I’ve come near the end of the doors captured after arriving in Old Wethersfield in search of ice cream. There are a few leftovers that may show up on a day that I run short of new doors, you know how that happens.

Today’s gallery mainly focuses on three historic buildings – two churches and a very interesting house.

As with most churches in New England, dates can be misleading. The “Established” date usually refers to the date that the original congregation began meeting to celebrate their faith. For example, according to the parish website, The cornerstone of Trinity Parish was laid on June 1, 1871, while the earliest history of the parish began in 1729. The congregation gathered in several other buildings, including Academy Hall, a building that was featured here in one of the first group of doors I shared from this historic district. The current building was designed by the same architect that designed the Mark Twain House.

Similarly, The First Church of Christ congregation was founded in 1635. The present brick building was built in 1761–1764 with its distinctive white steeple.
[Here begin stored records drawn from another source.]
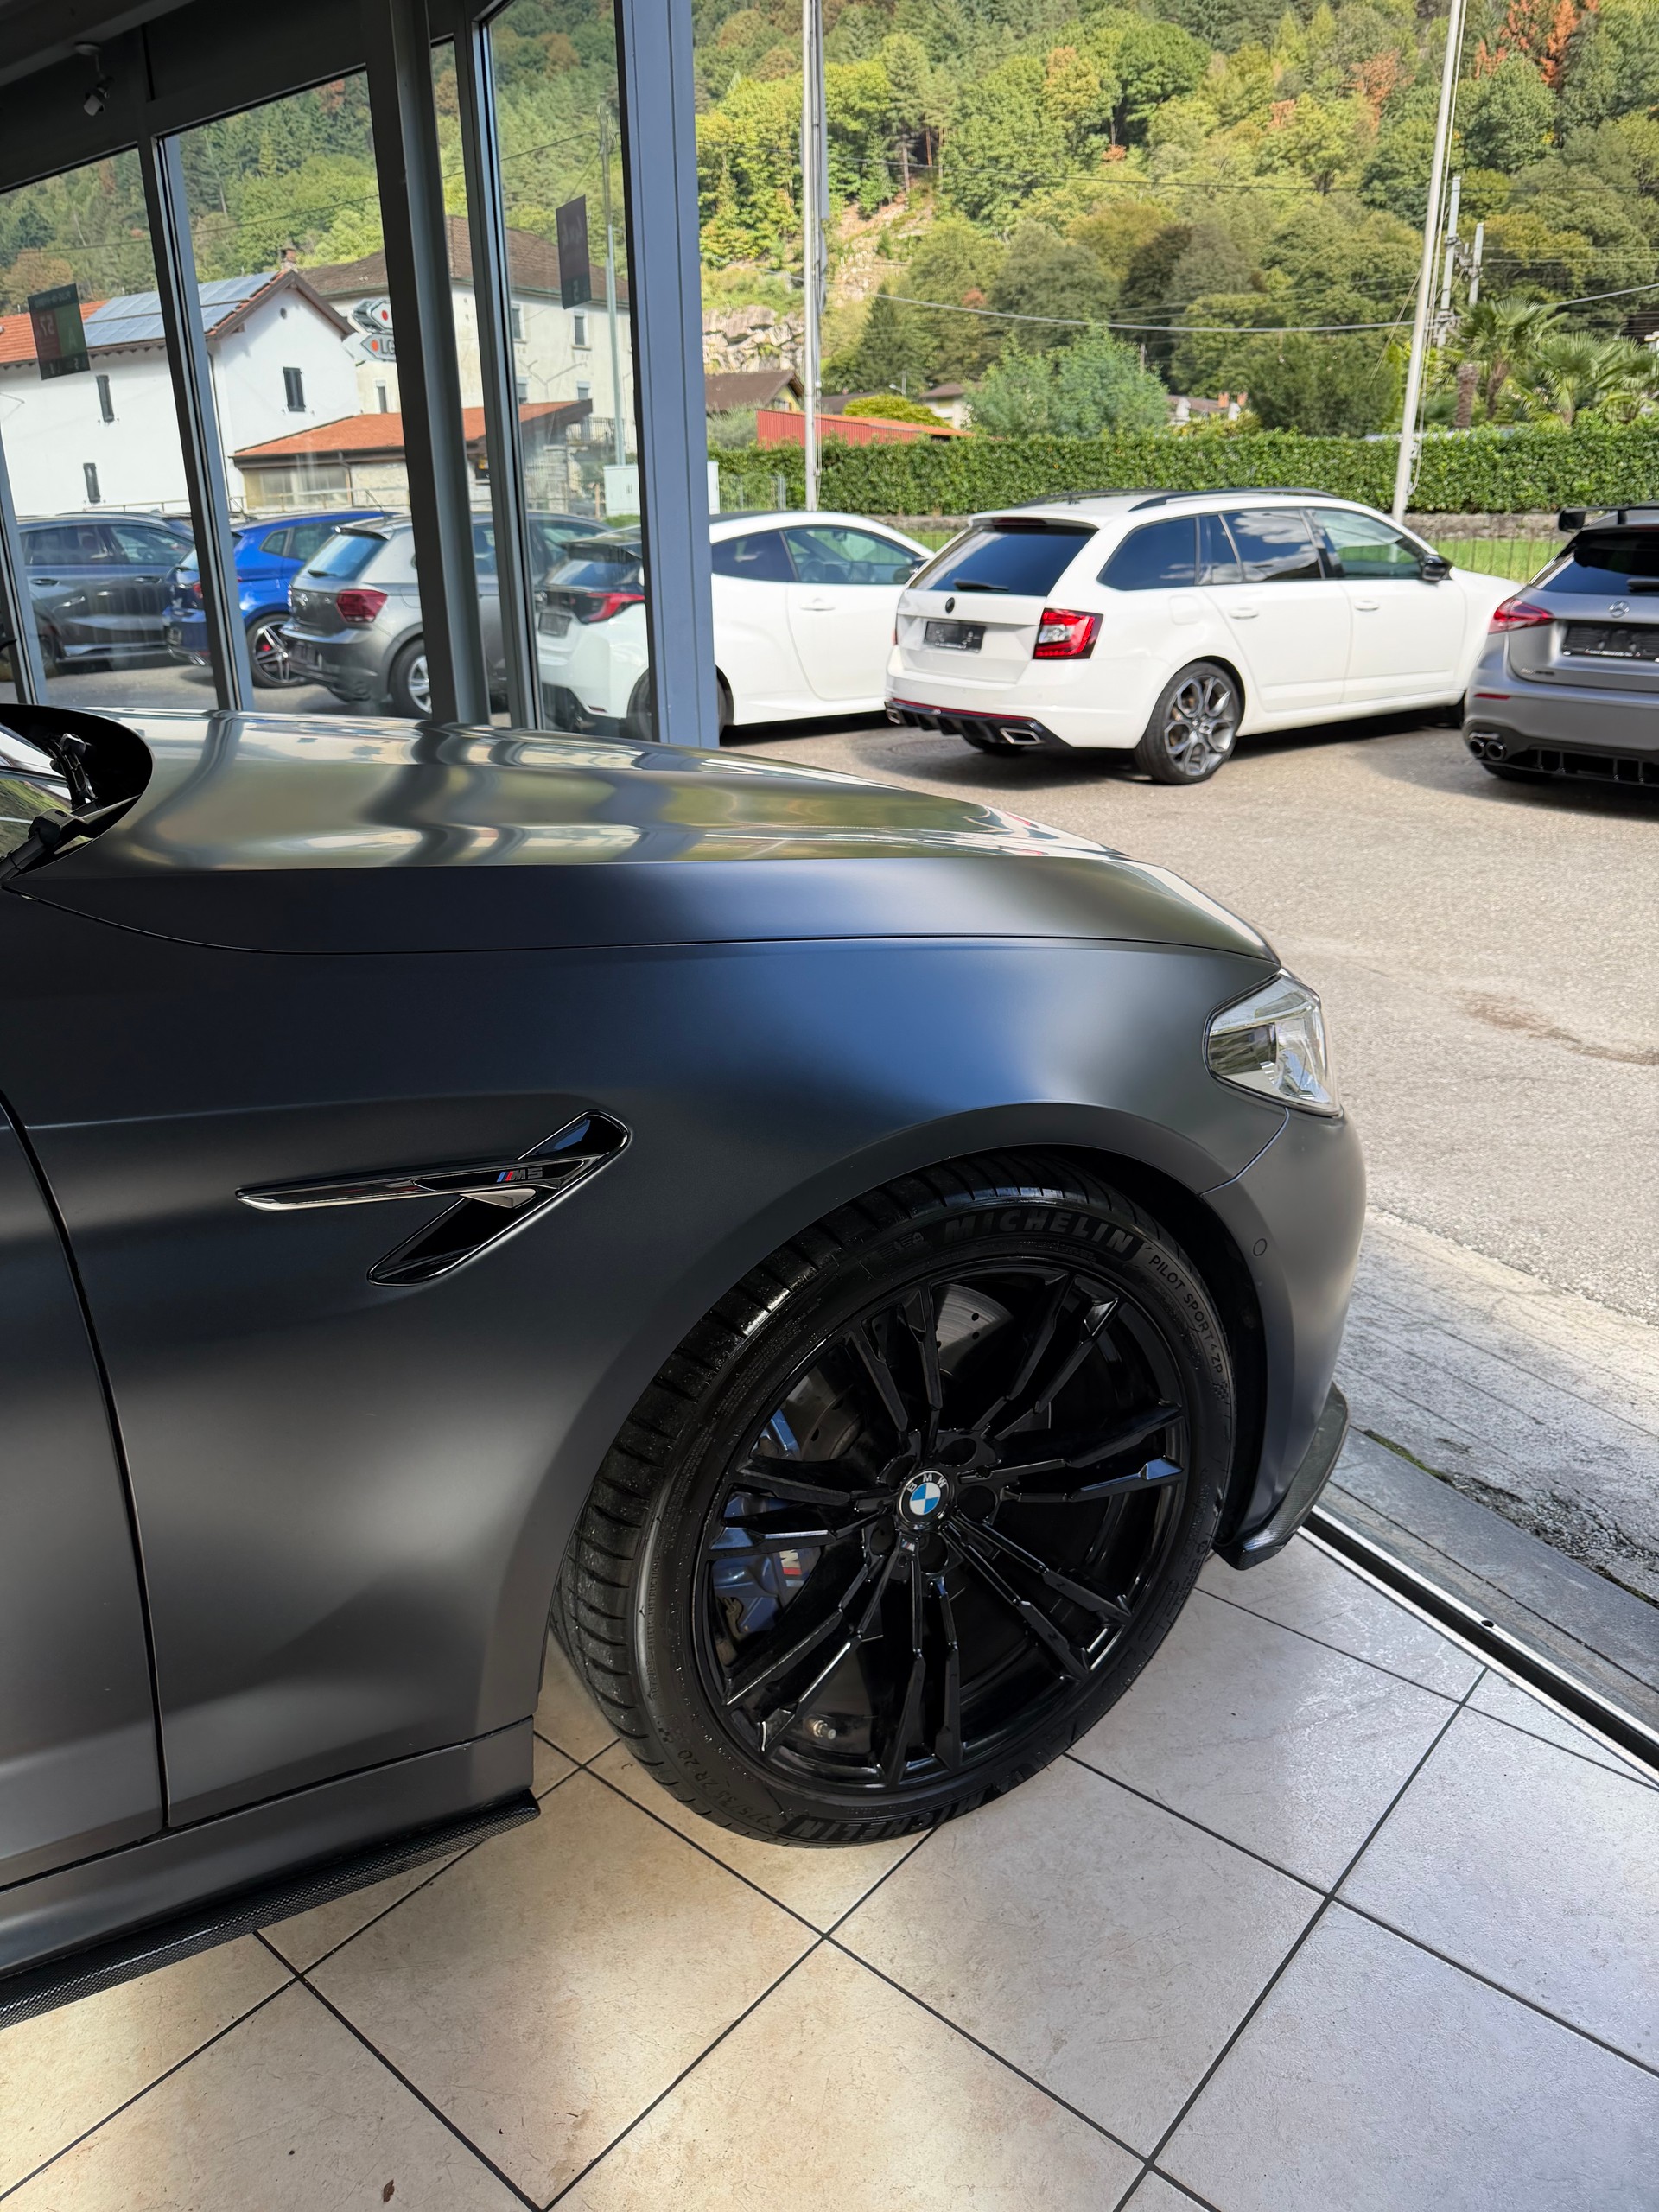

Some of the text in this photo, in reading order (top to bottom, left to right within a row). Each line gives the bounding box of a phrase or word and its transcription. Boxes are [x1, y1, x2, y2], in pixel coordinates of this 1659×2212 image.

[944, 1210, 1134, 1253] MICHELIN
[1148, 1255, 1185, 1291] PILOT
[1183, 1293, 1214, 1341] SPORT
[1209, 1352, 1223, 1373] ZP
[906, 1473, 948, 1493] BMW
[678, 1750, 700, 1767] 20
[790, 1790, 983, 1840] MICHELIN
In an earlier post, I mentioned that General George Washington stayed in Wethersfield while conducting negotiations during our Revolutionary War. History reports that Washington attend services with the First Church congregation.

The third building featured today is The Hurlbut-Dunham House. The house was originally constructed in 1804 for Captain John Hurlbut. Captain Hurlbut served on the Neptune, the first ship from Connecticut to sail around the world. One article I found describes the original house as being in the Federal style. A second article says it’s of the Georgian style. Both articles agree that the house was modified in 1860 in the Italianate style which was popular at that time. The additions added the projecting cornice and brackets, the entry portico, side veranda, and belvedere tower. The property was later bequeathed to the Wethersfield Historical Society and it is now a historic house museum.
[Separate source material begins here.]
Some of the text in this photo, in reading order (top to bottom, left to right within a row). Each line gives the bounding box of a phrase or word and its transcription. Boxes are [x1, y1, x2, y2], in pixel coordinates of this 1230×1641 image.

I hope you’ve enjoyed the extended tour of Old Wethersfield. I also hope you will visit some of the links provided below by the other participants in this challenge.

If you are in a hurry and don’t wish to scroll through the comments, click to Jump to the comment form.


    • I think the original house was built in the Federal style. I think the article suggesting that it was Georgian was in error. In any case, it’s a wonderful combination, and I’m happy it’s being preserved.

      I really like the door you shared today.

      Liked by 1 person

  1. I’m sorry to be leaving Old Wethersfield; I’ve loved the tour. What a way to look for ice cream! The buildings must require a lot of upkeep, but basically they look built to last, and thank goodness: what an opportunity for us to visit the past. That Hurlbut-Dunham house is gorgeous! Thanks!

    Liked by 1 person

    • I’m glad you enjoyed the tour. Maintenance on these houses must be expensive, but they all seem in good shape. I appreciate the effort of the current and previous owners in keeping them alive for us to view. Thanks for joining us.

      Liked by 1 person

  2. Thank you, Dan, for this beautiful tour which I could take sitting at my desk. The slate roof of Trinity Parish looks strikingly different and more modern compared to the building itself. The picture of the Hurlbut Dunham house is glorious; even more because of the flaming orange tree.
    Please find my link for this week’s doors, below.

    Liked by 1 person

  3. Wethersfield has been a fun place to visit. The Hurlbut-Dunham home is quite a piece of architecture. Even with the add-ons, everything looks like it was the original design.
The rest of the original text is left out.